A Rehabilitation Case Study

I thought I would do something slightly different for my blog on this occasion and write up a case study of a horse I have recently been seeing.

The horse was referred to me after being treated at Newmarket equine hospital and being investigated after a history of bucking, despite having a great season previously. They found some mild irritation around the sacroiliac joint, which was injected with steroids, but other than that not a lot. Further examination revealed that unfortunately the saddle being used was affecting her way of going and causing discomfort throughout the back. The vets suggested resting, changing the saddle and a course of physiotherapy to rehabilitate back into work.

When I first saw the horse there was moderate muscle atrophy through the epaxial muscles, these are the muscles that run along the top of the horses back, also known as the ‘top line’ muscles. It was noted that the development of these muscles appeared to be restricted. She also struggled to complete a tight circle in either direction, so some restricted movement in the thoracic spine. Furthermore she struggled to tilt her pelvis downwards, this means she was not able tuck her pelvis under, which is likely to cause problems when completing transitions, canter work and jumping.

She was quite tender on palpation, so as a first treatment we mostly focused on myofascial release, a technique used to gently stretch the fascia. Fascia is a connective tissue that lies superficial to the muscle. It is highly innovated and a common source of tenderness in both horse and human (see left)

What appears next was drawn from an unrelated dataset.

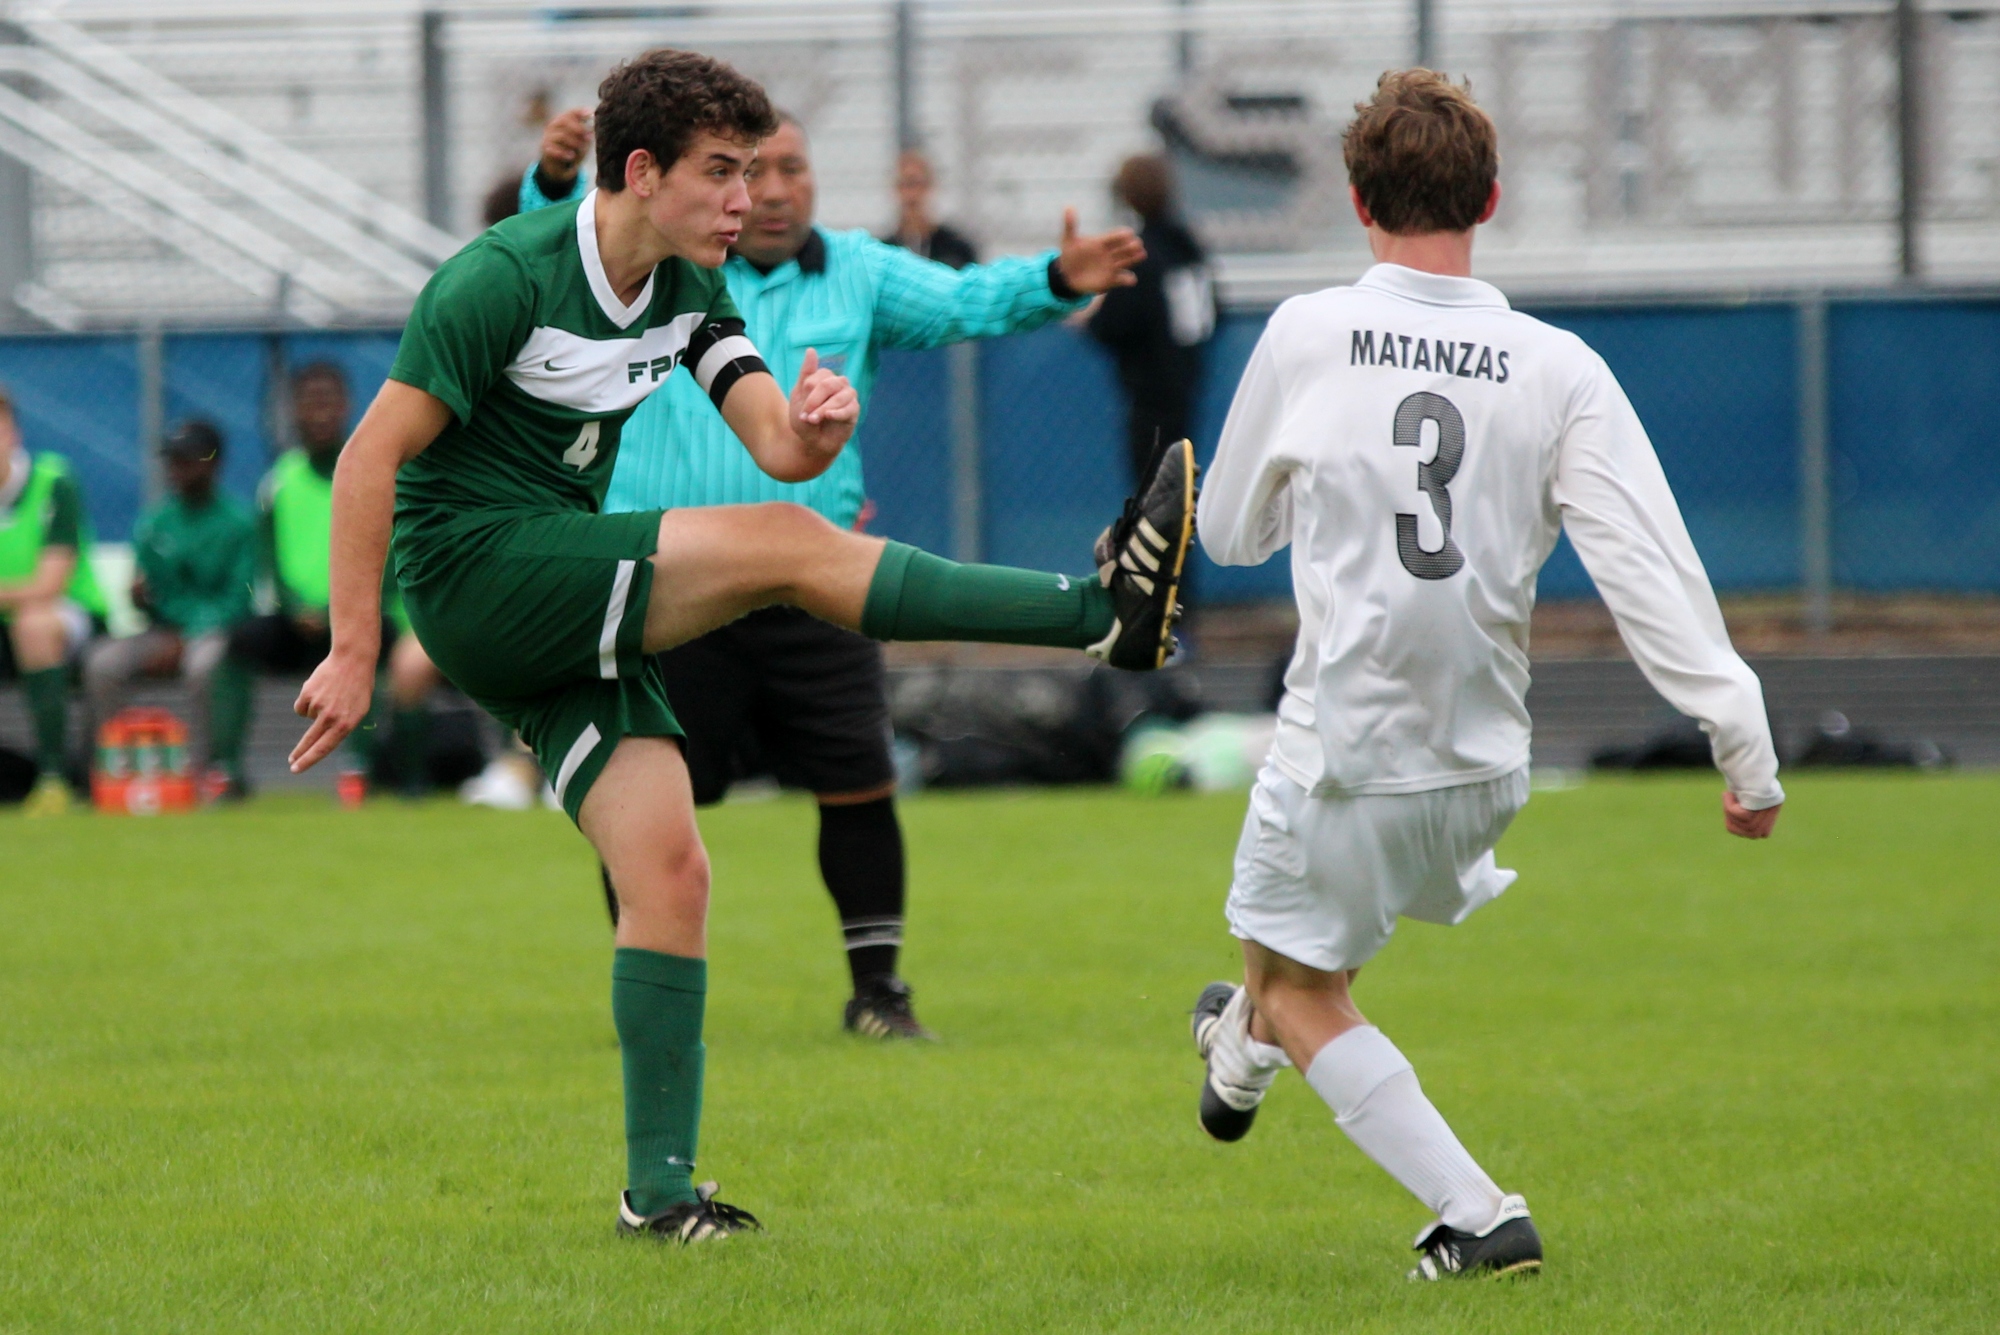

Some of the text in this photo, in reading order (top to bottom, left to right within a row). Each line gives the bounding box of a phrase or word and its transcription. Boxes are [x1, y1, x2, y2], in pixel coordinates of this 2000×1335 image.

[1350, 330, 1510, 384] MATANZAS
[562, 421, 600, 473] 4
[1393, 391, 1466, 580] 3
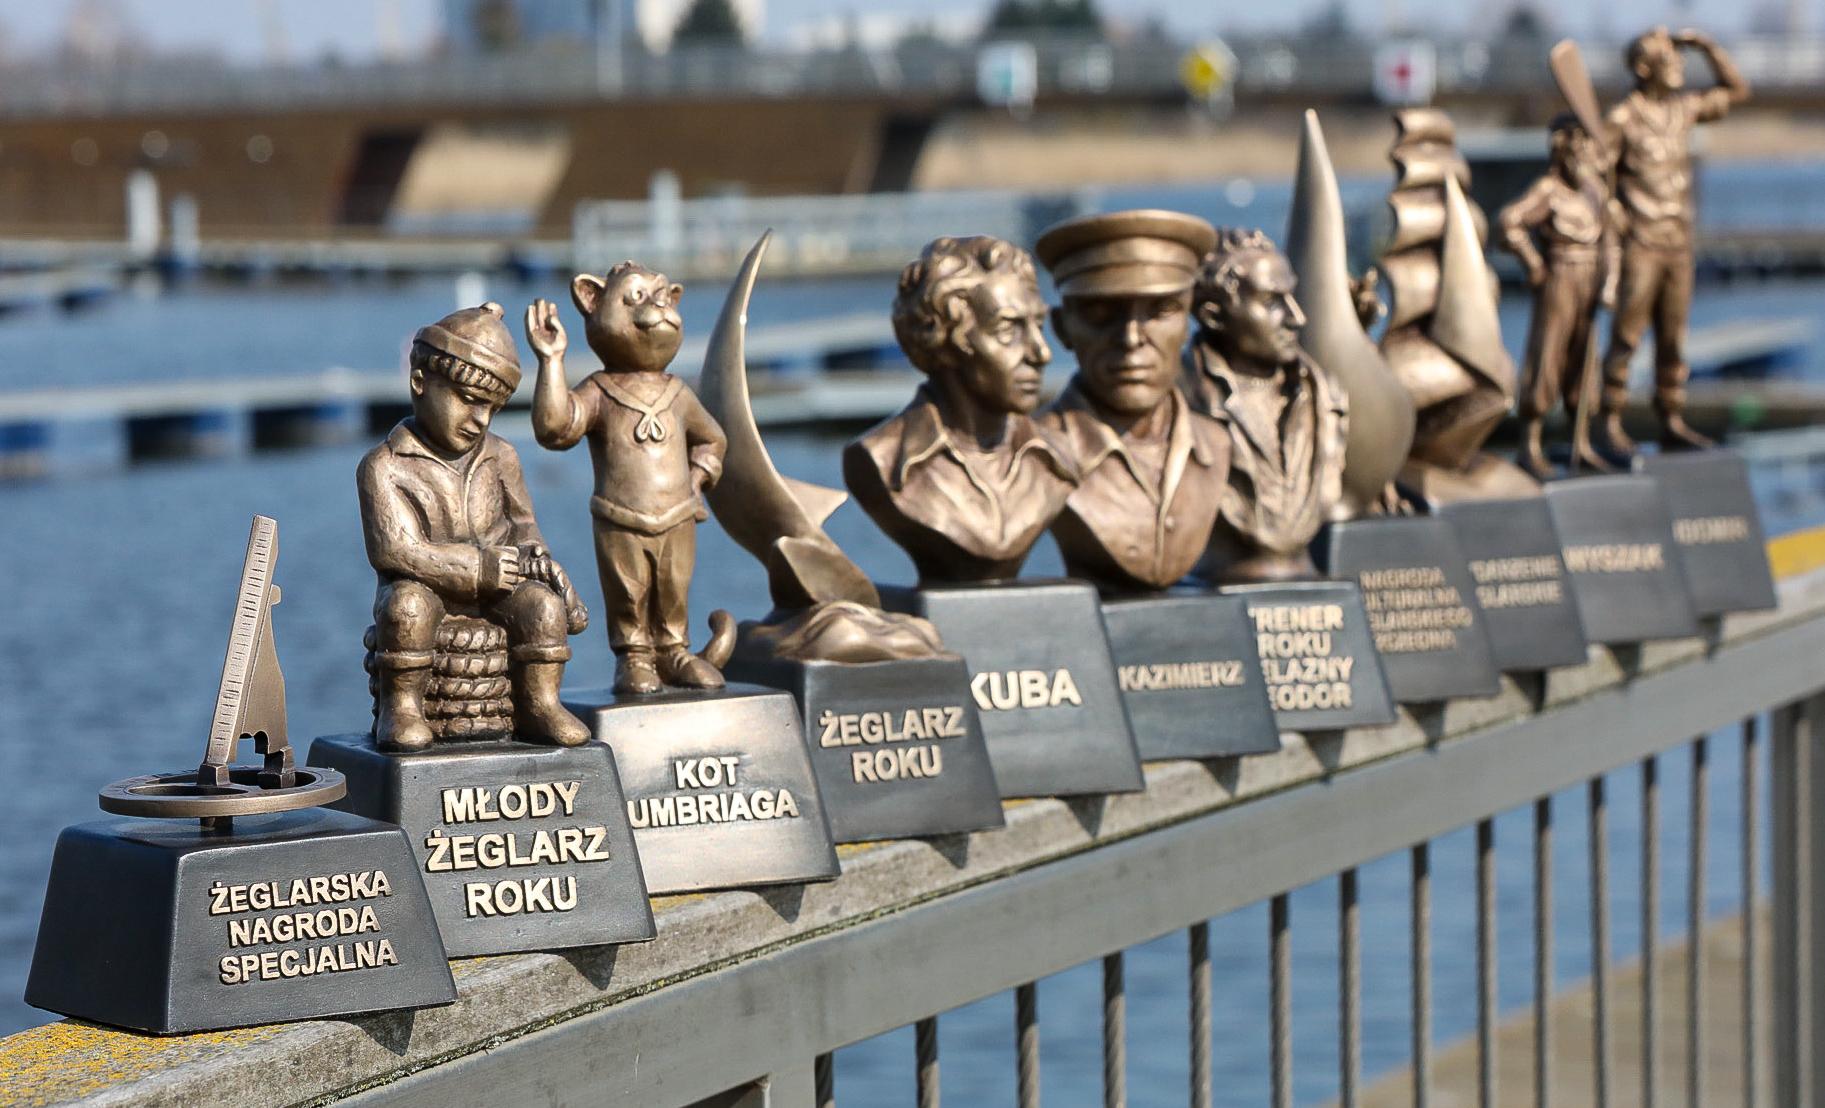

We discussed her home exercise program, this is often the most important, and sadly commonly over looked part of a physiotherapy treatment. However the owners here were dedicated and already completing regular baited stretches. They were also encouraged to gradually start walk work in hand and in a pessoa in a long and low position. This encourages the horse to work through their hind limbs and back muscles, ensuring they are strong enough for when the rider comes to sit back on top.

We followed her up two weeks later and reviewed how she was working on the pessoa, I was pleased to see she was working in a lovely long low outline, much like in the photo above, but in walk. It is important to remember that not all horses will tolerate the pessoa, there are many different aids out there, and many ways to ensure you get the best from your horse, sometimes it takes a little trial and error to find which is the most suitable for your horse.

I was pleased to find that the horse here was feeling much better. There was far less muscle spasm and improving muscle bulk through the epaxials. However there was one point where we found a particularly stubborn trigger point (see facebook post from a few months again to learn more about trigger points https://www.jhhphysiotherapy.com.au/blog/2017/1/7/myofascial-trigger-points )

To help with this we utilised the use of K-tape or kinesio taping. There are many uses for K-tape, but in this instance we used it to help ease the palpable trigger point in a star (see below right). We also completed some gentle spinal mobilisations to help loosen her off through the thoracic spine, this not only eases joint stiffness, but also muscle tightness as well.

She was advised to continue with her home exercises, slowly progressing the amount of time spent walking and on the pessoa, and incorporating some pole work in walk on a circle.

Two weeks later the stubborn trigger point had eased, there was minimal muscle spasm and she was continuing to improve in her epaxials. She was treated with soft tissue massage, myofascial release, and reflex inhibition. A technique used to target deeper tissues to help release any further spasm. But I was really impressed with her progress.

She was then reviewed by the vets and given the all clear to start ridden work. A new saddle was fitted and ridden work began. I reviewed approximately 3 weeks after this. I was pleased to see that muscle had continued to develop, but unfortunately she was getting some significant muscle spasm across her epaxial muscles again. I discussed in a previous blog about gradual return to work and how easy it can be to overdo things when things are feeling so good. I suspect that in this instance, despite mostly walking when ridden, she was ridden every day, which may have just been a little too much too soon. Instead I suggested that they mix the exercise program to ensure a well-rounded fitness regime is developed. We came up with a plan of ridden work one day, followed by in hand walking or gentle hack, day off then pessoa training.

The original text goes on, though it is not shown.